Antikoerper und Interferone

So far the industry stood for the established purification procedures are available, although reliable but are not very flexible and development-intensive and thus expensive. Regarding scale, purity, or freedom from contamination should the procedure for the purification of pharmaceutical proteins are constantly adapted to the growing demands, says Kiefer. Other hand, are desirable in so-called downstream processing, process steps are carried out continuously to behave robust against variations in process parameters and use inexpensive materials that governmental regulation of the biopharmaceutical product manufacturing meet (Good Manufacturing Practice).

Within the BMBF-project will be explored in an interdisciplinary collaboration between biologists, biochemists, chemists and process engineers, as the technical protein crystallization can be considered as a novel separation process for biopharmaceuticals, particularly antibodies, are used. The process was scaled up so far that a transfer was to ensure production standards on the industry, says Kiefer.

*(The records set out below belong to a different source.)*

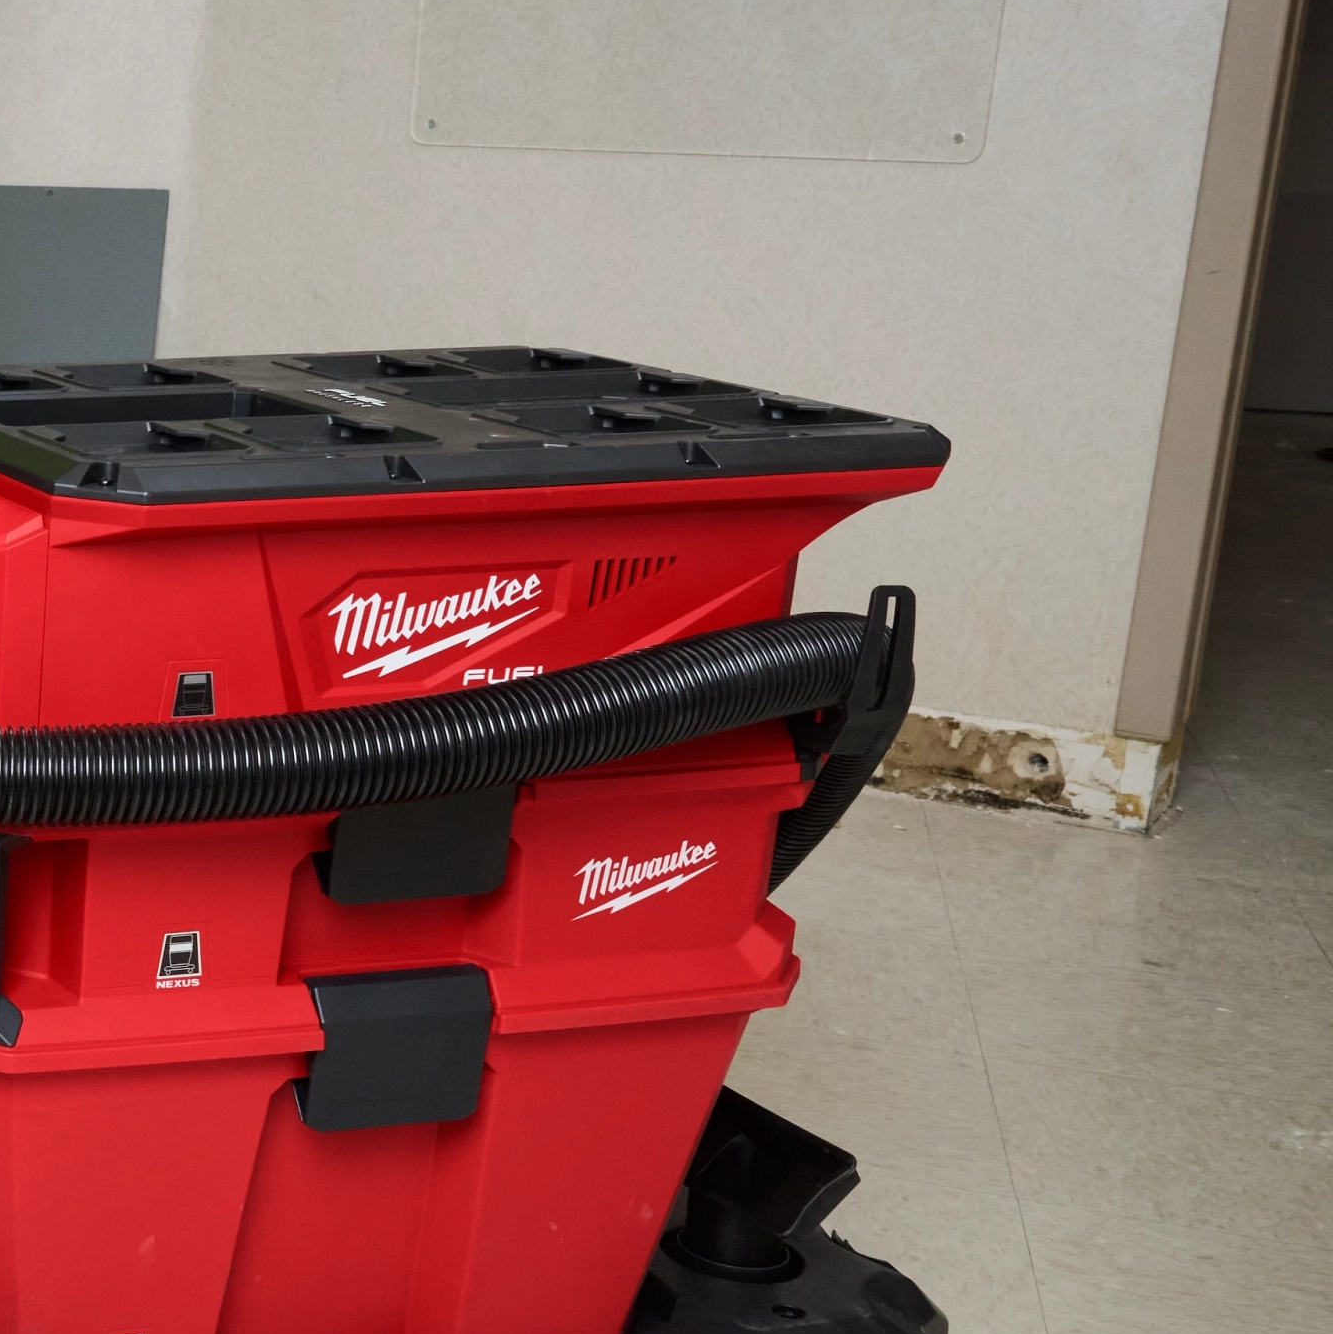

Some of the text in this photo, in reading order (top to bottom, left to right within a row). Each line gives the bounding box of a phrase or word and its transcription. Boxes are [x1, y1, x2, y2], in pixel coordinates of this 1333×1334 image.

[328, 573, 542, 656] Milwaukee
[573, 840, 717, 905] Milwaukee
[156, 978, 200, 989] NEXUS
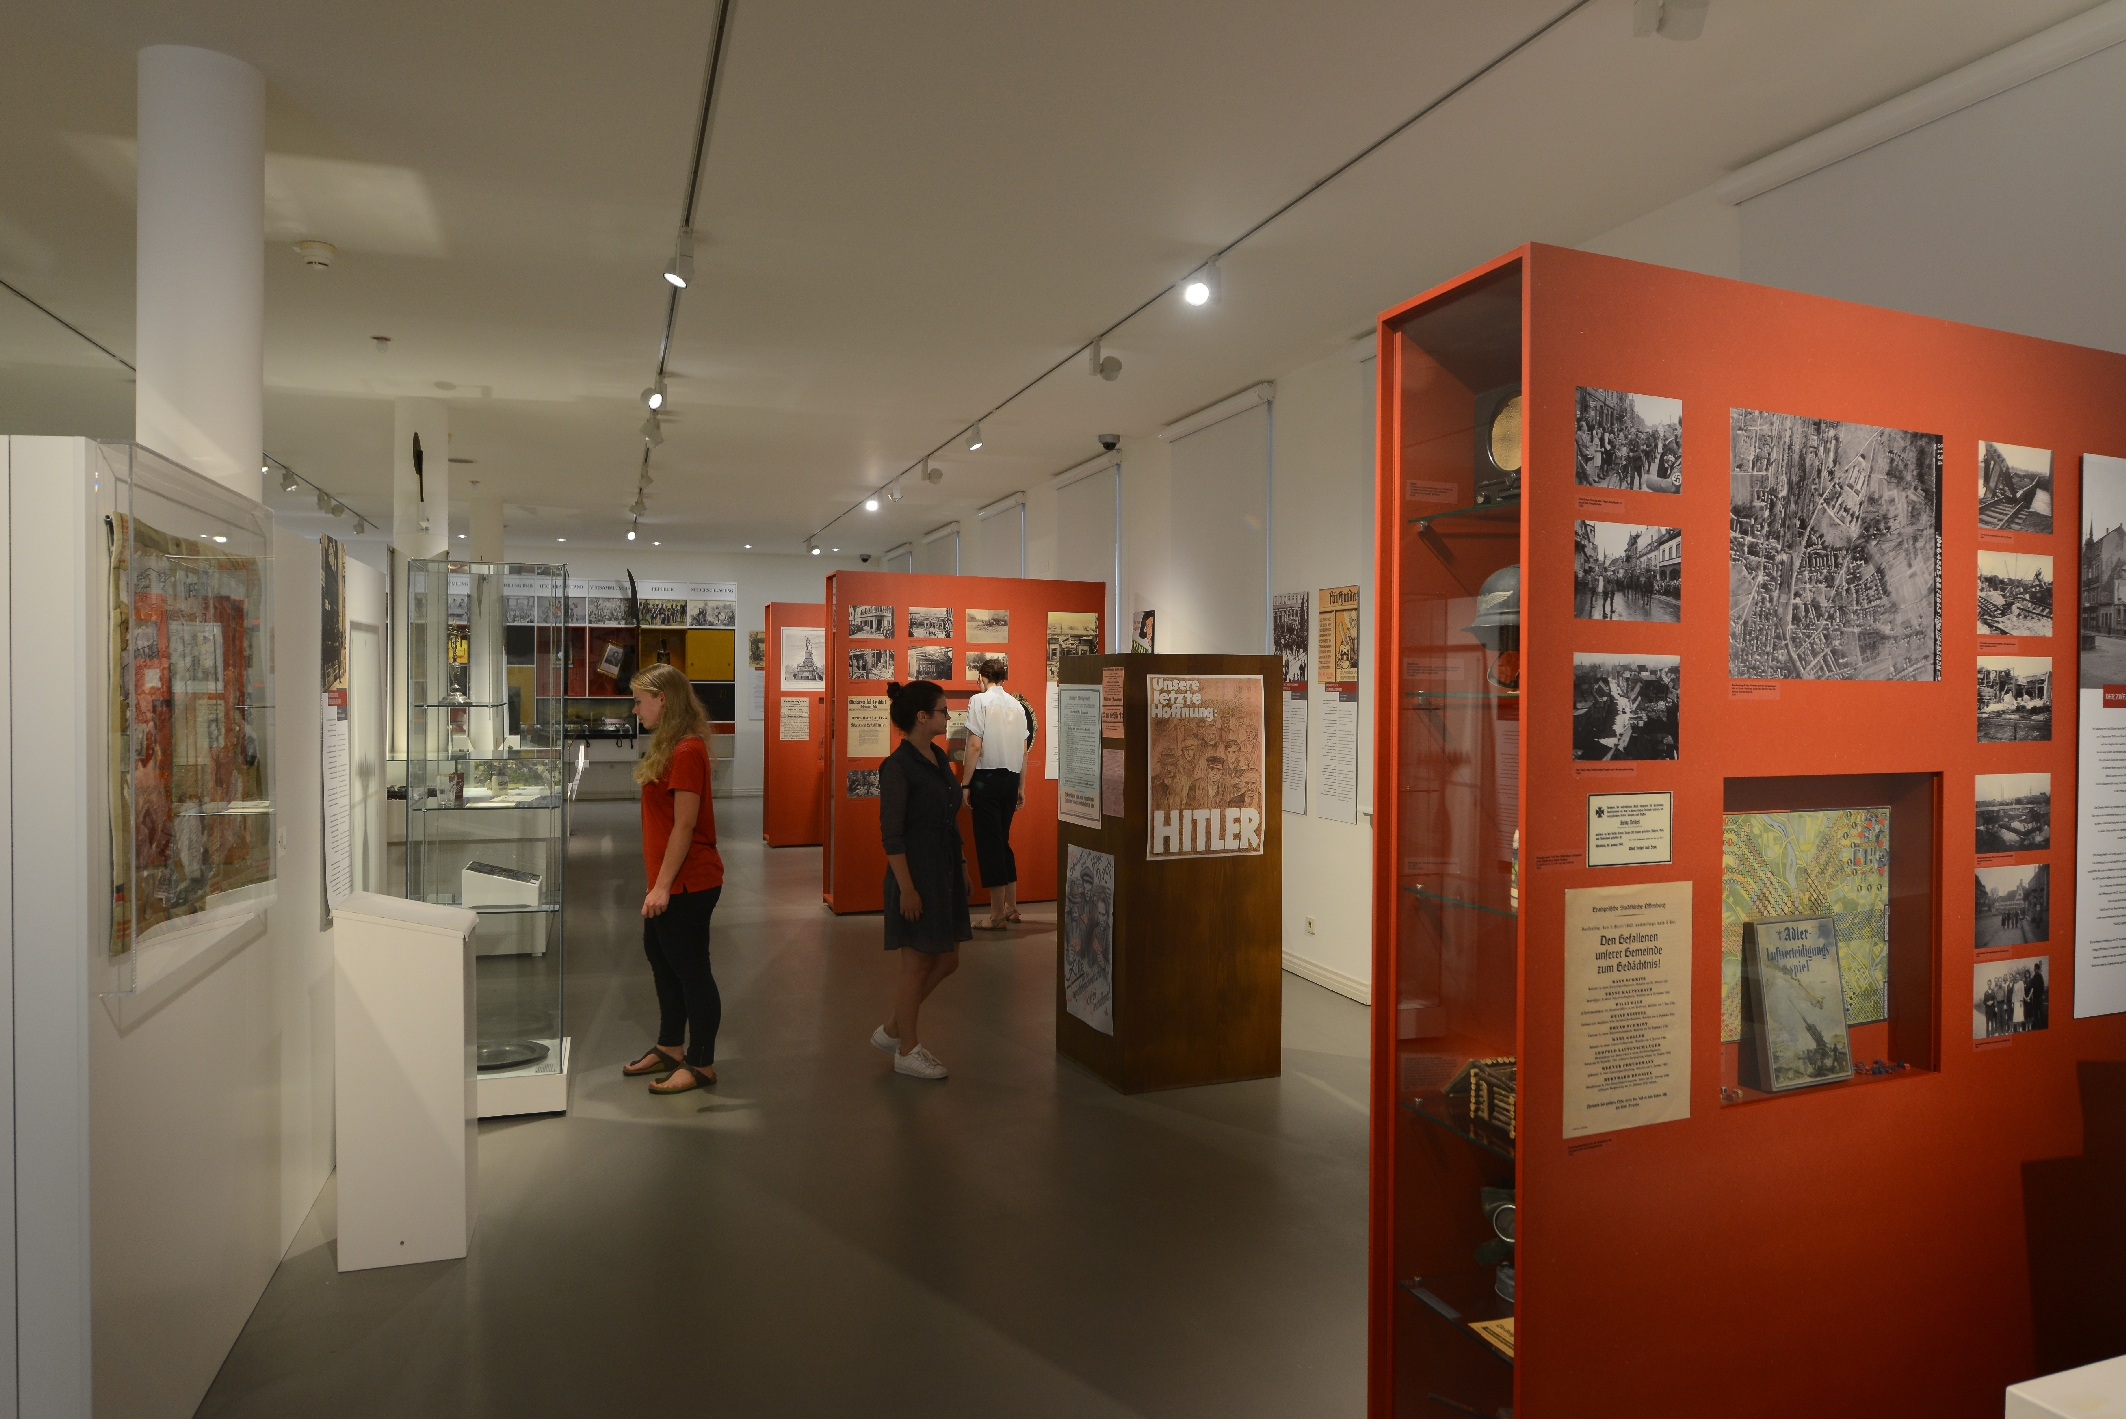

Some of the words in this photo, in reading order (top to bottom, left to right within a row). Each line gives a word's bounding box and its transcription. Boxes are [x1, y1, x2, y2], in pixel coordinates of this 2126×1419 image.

[1152, 677, 1200, 691] Unsere
[1153, 690, 1202, 705] letzte
[1151, 703, 1218, 722] Hoffnung:
[1153, 807, 1260, 854] HITLER
[1600, 934, 1616, 946] Den
[1618, 932, 1659, 946] Gefallenen
[1783, 926, 1812, 941] Adler-
[1595, 948, 1623, 961] unserer
[1624, 944, 1663, 958] Gemeinde
[1597, 964, 1614, 974] zum
[1616, 958, 1661, 973] Gedächtnis!

Next would be sought with the physico-chemical methods of optimum conditions under which the protein can crystallize without loss of activity, describes Professor Pine's approach. It will initially rely on screening procedures, which are common in structural biology. Subsequently, detailed phase diagrams were created to allow a subsequent process control. The demands of the industry in this process were clearly defined from the outset by the pharmaceutical companies, achieved so that economic viability is ensured once the milestones are.